▶ YOUR OBJECTIVE
I'd like the entries reproduced exactly, with the images omitted.

▶ THE DATA
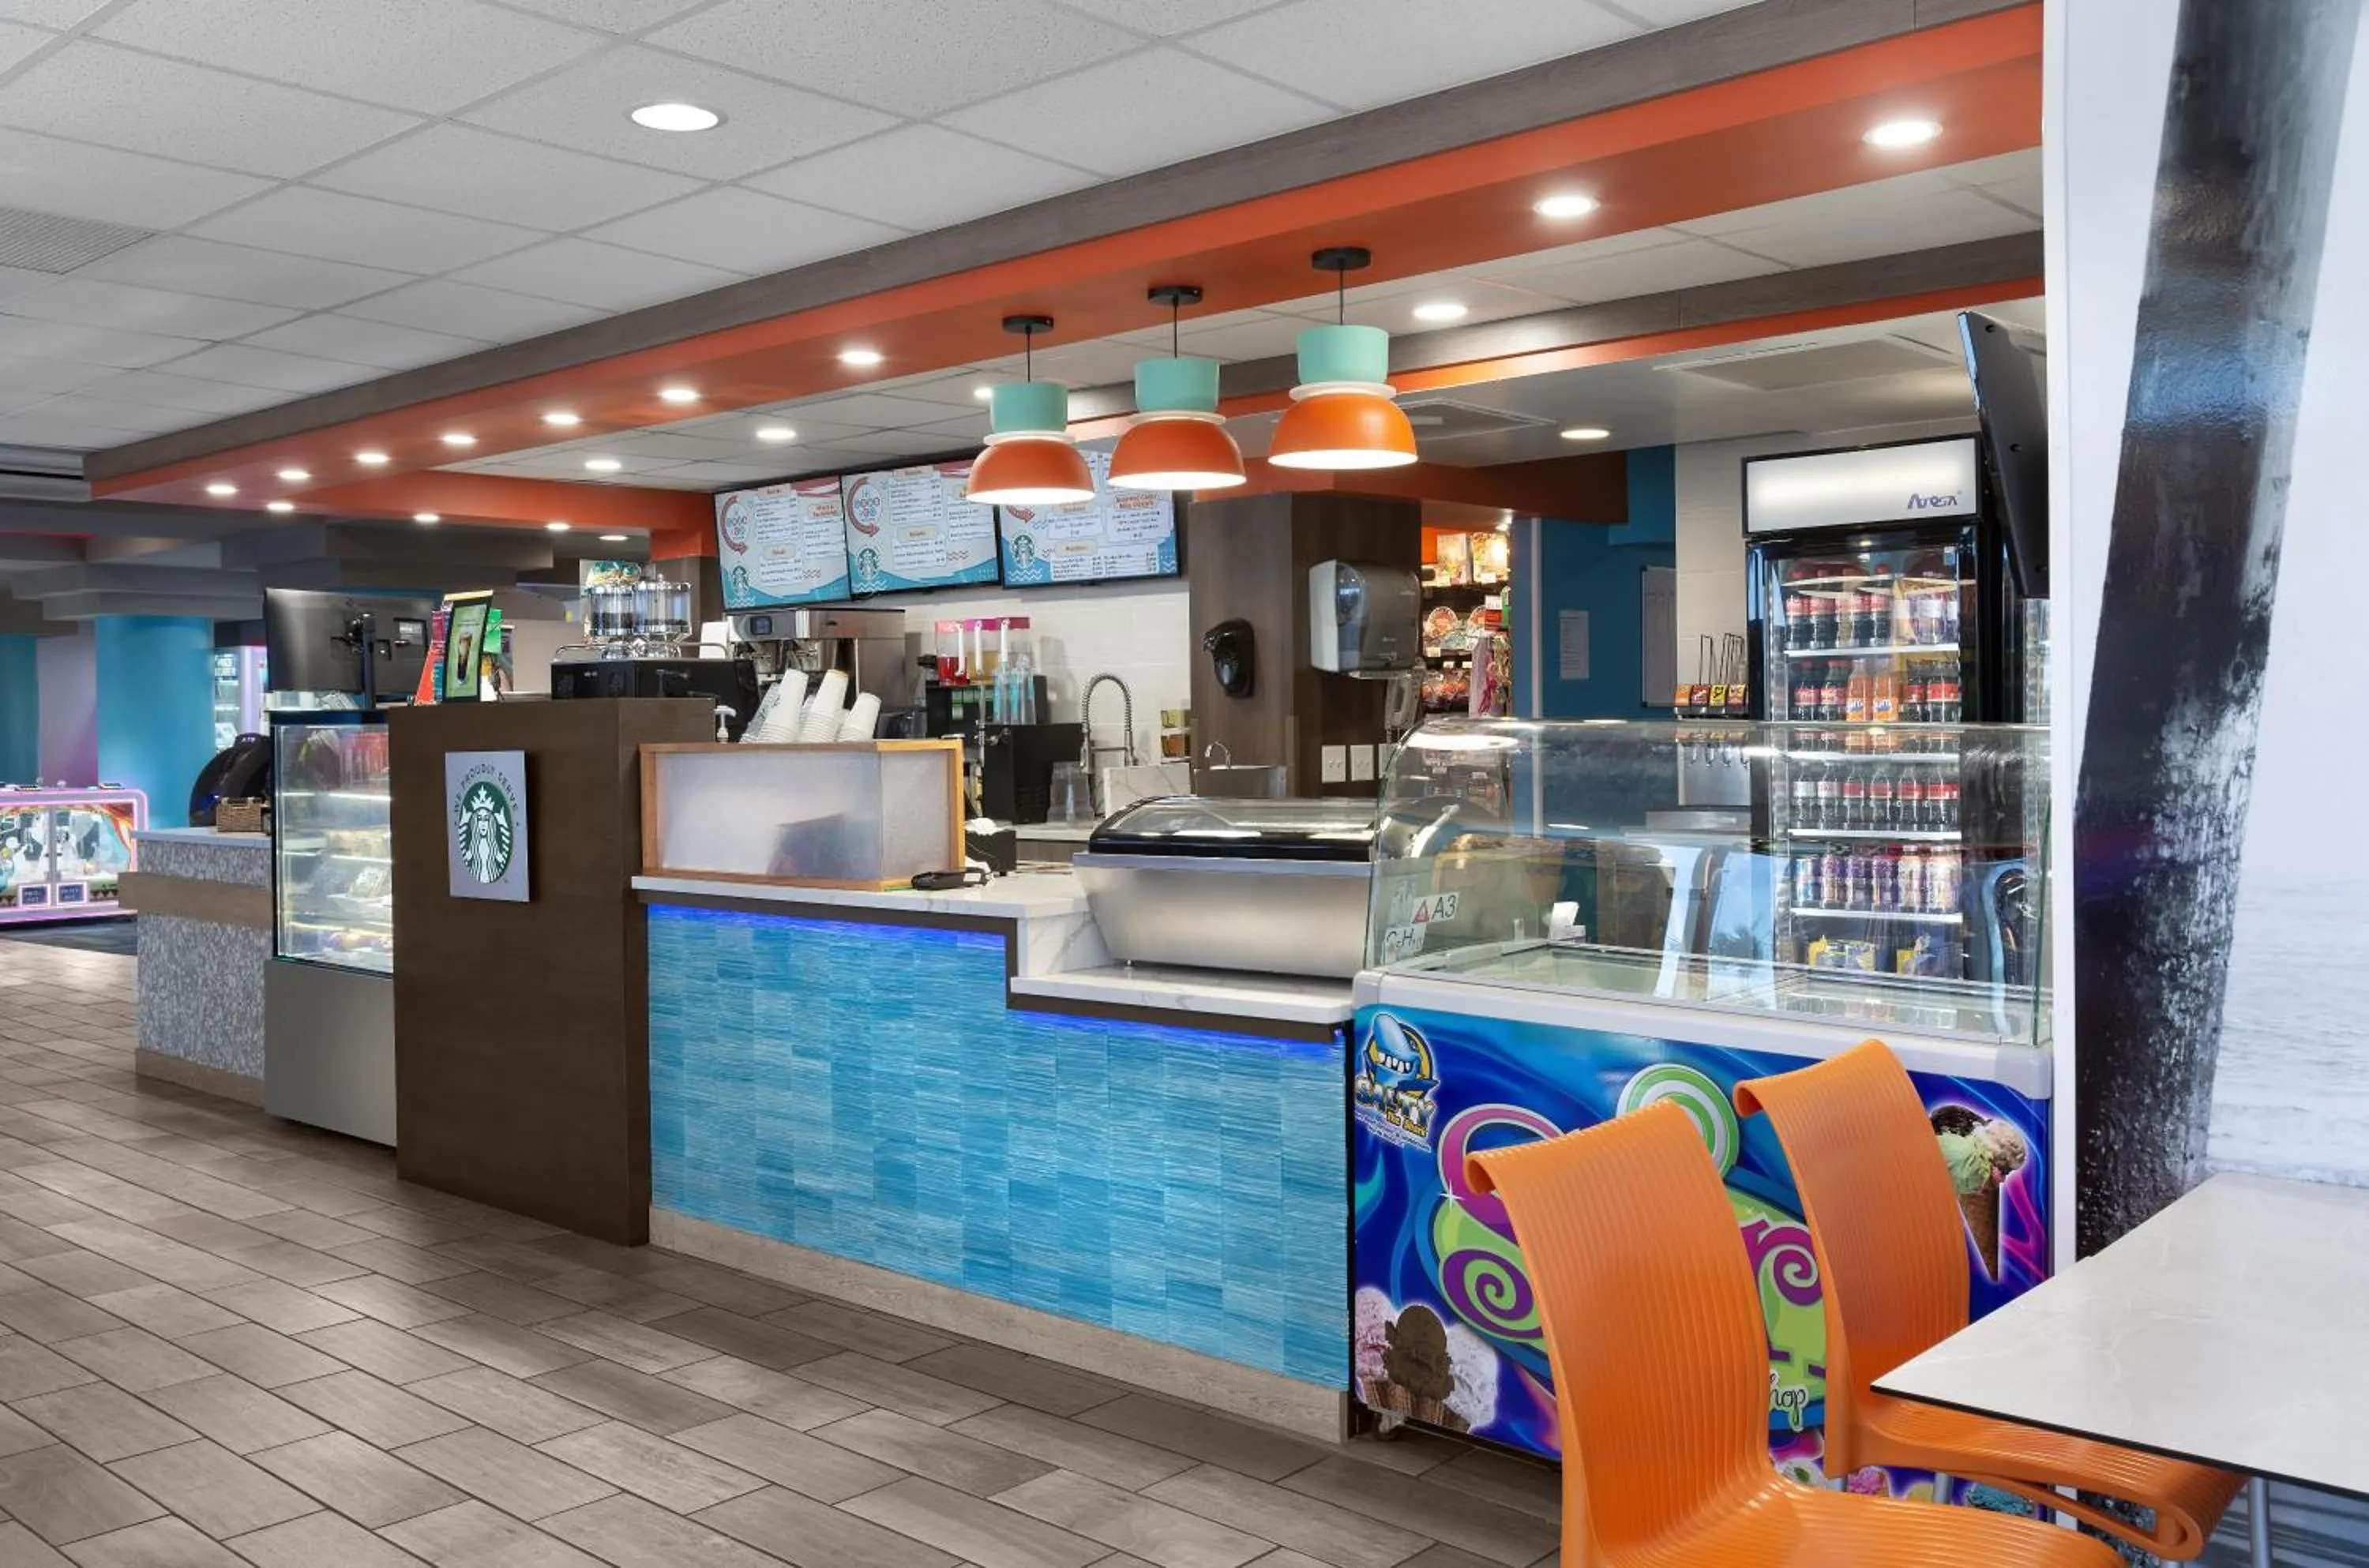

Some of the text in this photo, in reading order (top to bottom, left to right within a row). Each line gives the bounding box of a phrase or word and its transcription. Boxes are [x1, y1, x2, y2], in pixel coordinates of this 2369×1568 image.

[461, 763, 495, 790] PROUDLY
[1432, 895, 1457, 920] A3
[1355, 1075, 1436, 1125] SALTY
[1387, 1108, 1402, 1127] The
[1402, 1113, 1427, 1138] Shark
[1768, 1372, 1806, 1426] hop
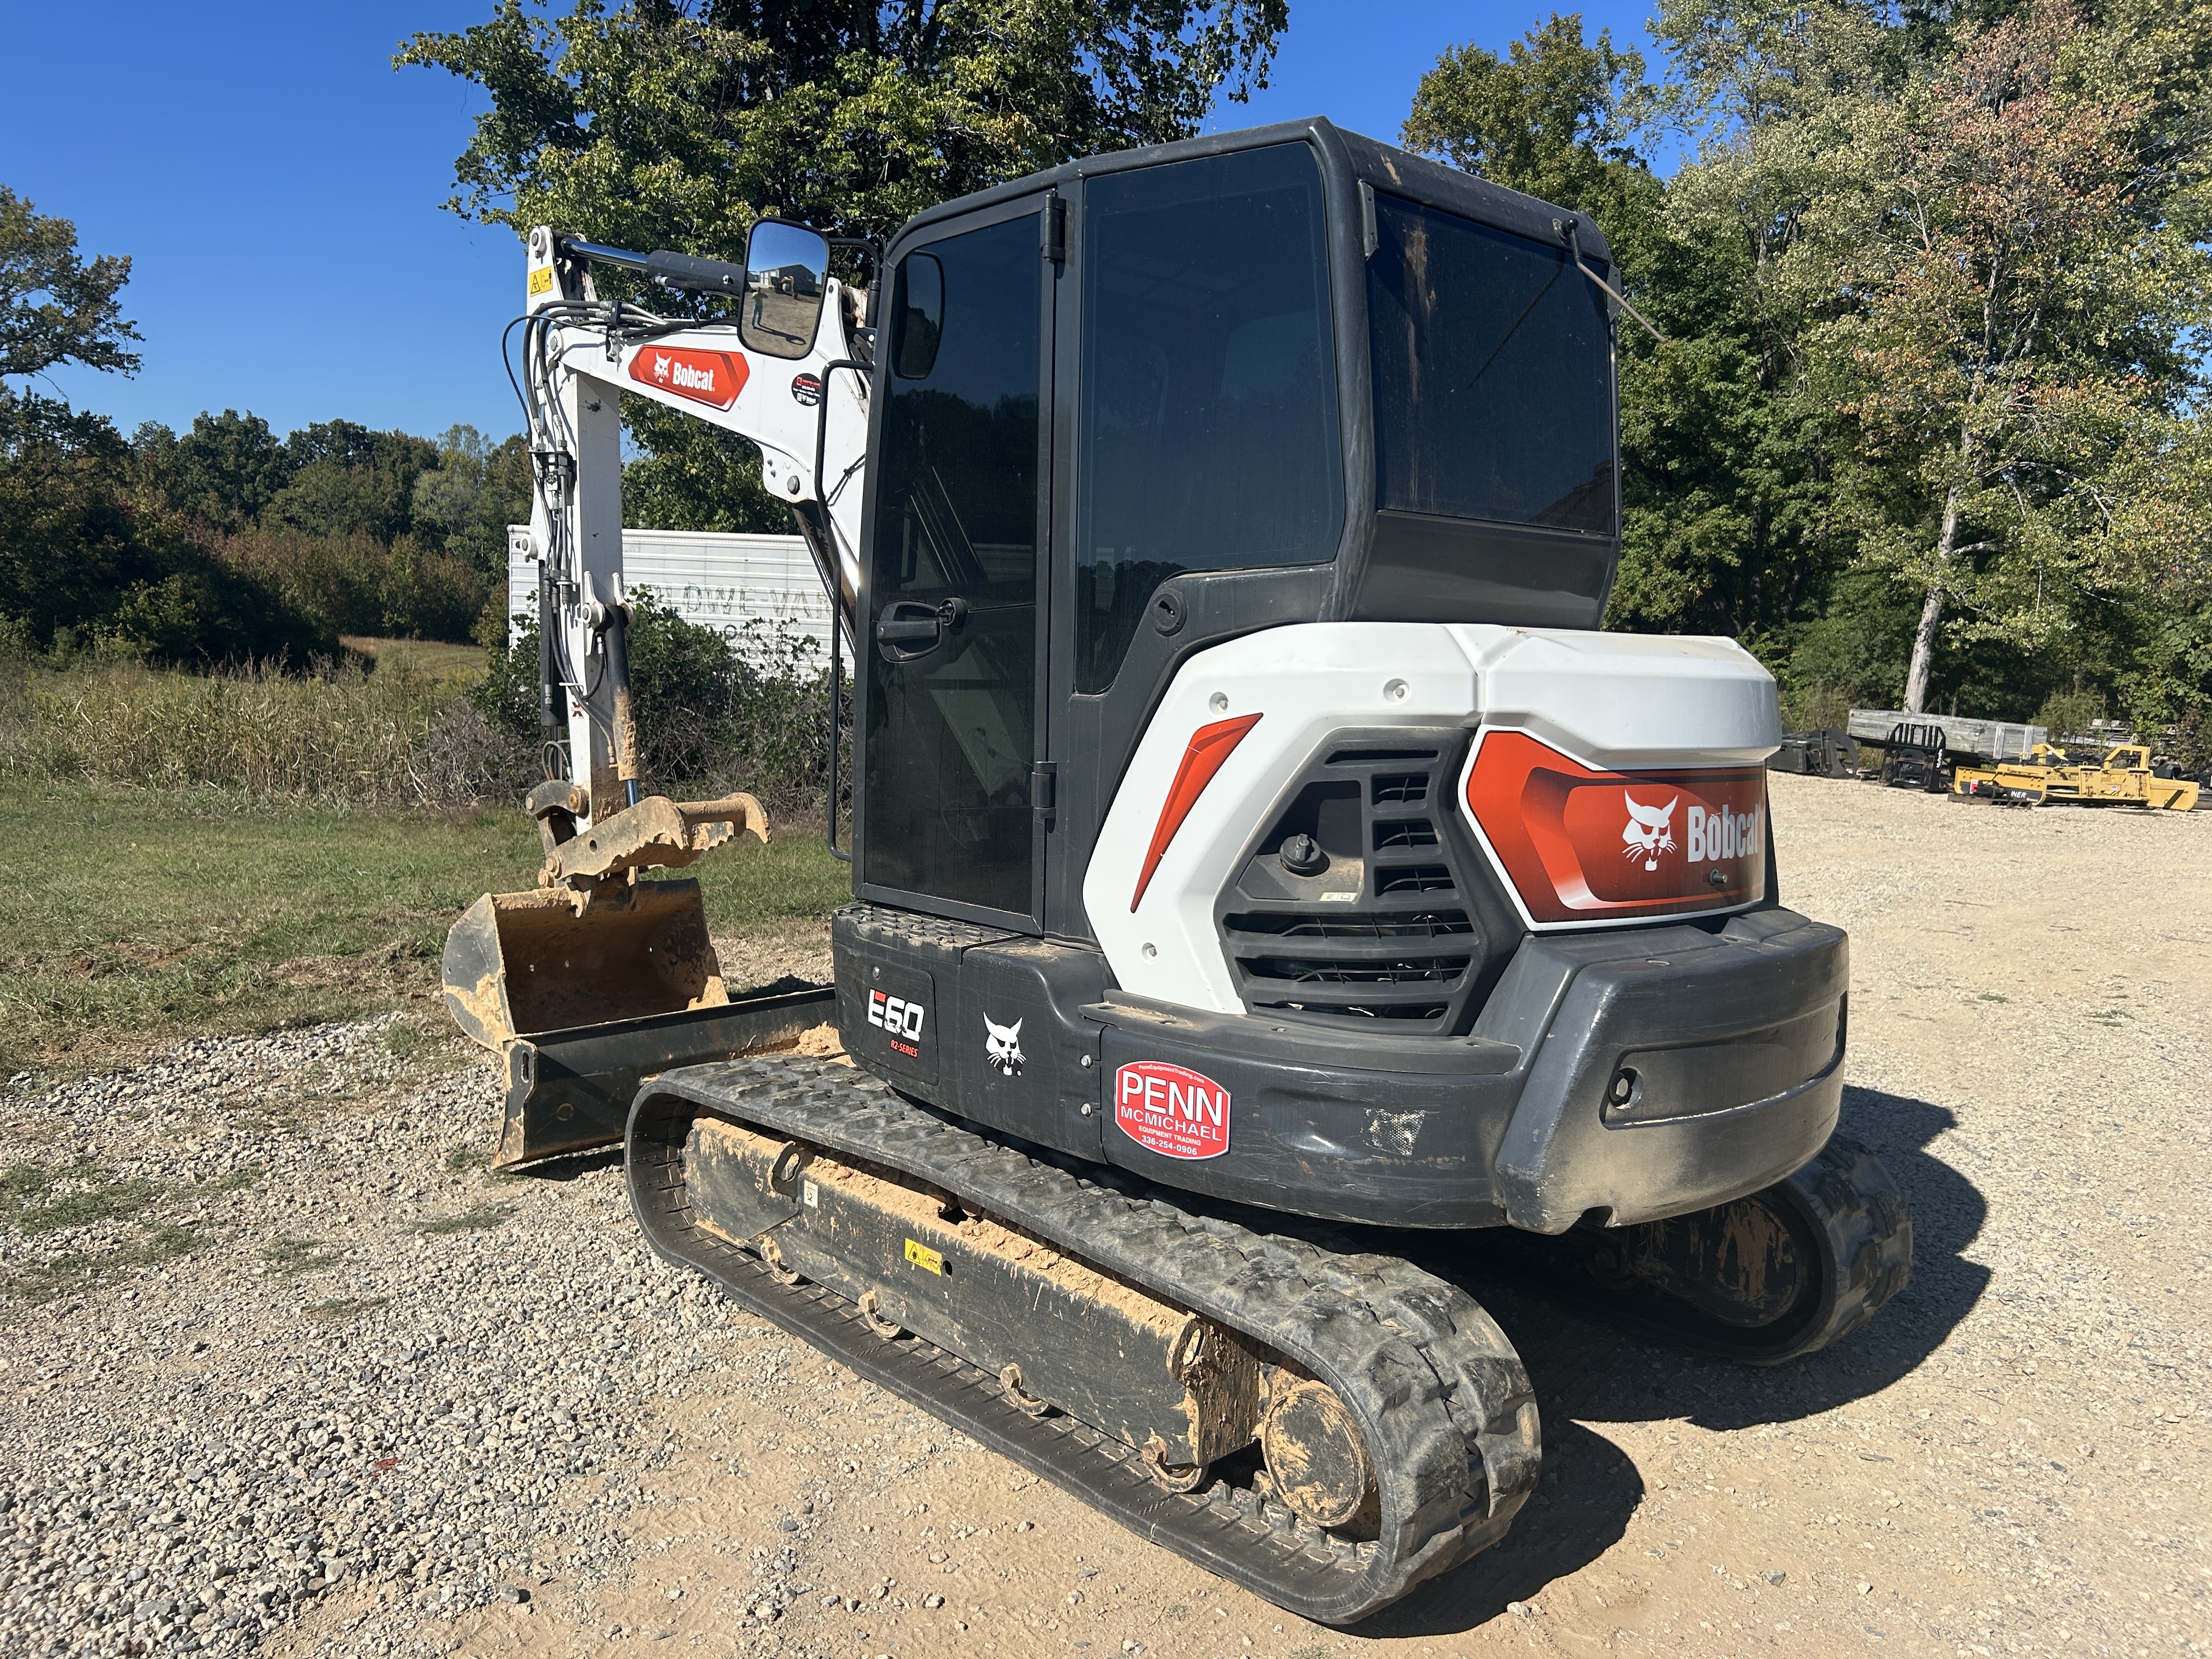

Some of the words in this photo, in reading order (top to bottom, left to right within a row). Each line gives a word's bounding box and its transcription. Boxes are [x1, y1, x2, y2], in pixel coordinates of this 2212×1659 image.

▶ TASK ANSWER
Some of the text in this photo, in reading order (top to bottom, left to right within a row). Each line gives the bounding box of a phrase or word and its transcription. Boxes are [x1, y1, x2, y2], in pixel coordinates of this 2369×1568 image.

[461, 763, 495, 790] PROUDLY
[1432, 895, 1457, 920] A3
[1355, 1075, 1436, 1125] SALTY
[1387, 1108, 1402, 1127] The
[1402, 1113, 1427, 1138] Shark
[1768, 1372, 1806, 1426] hop

Some of the words in this photo, in reading order (top to bottom, left to right within a row). Each line gives a word's bounding box and its transcription. Boxes are [x1, y1, x2, y2], in pixel coordinates of this 2212×1659 image.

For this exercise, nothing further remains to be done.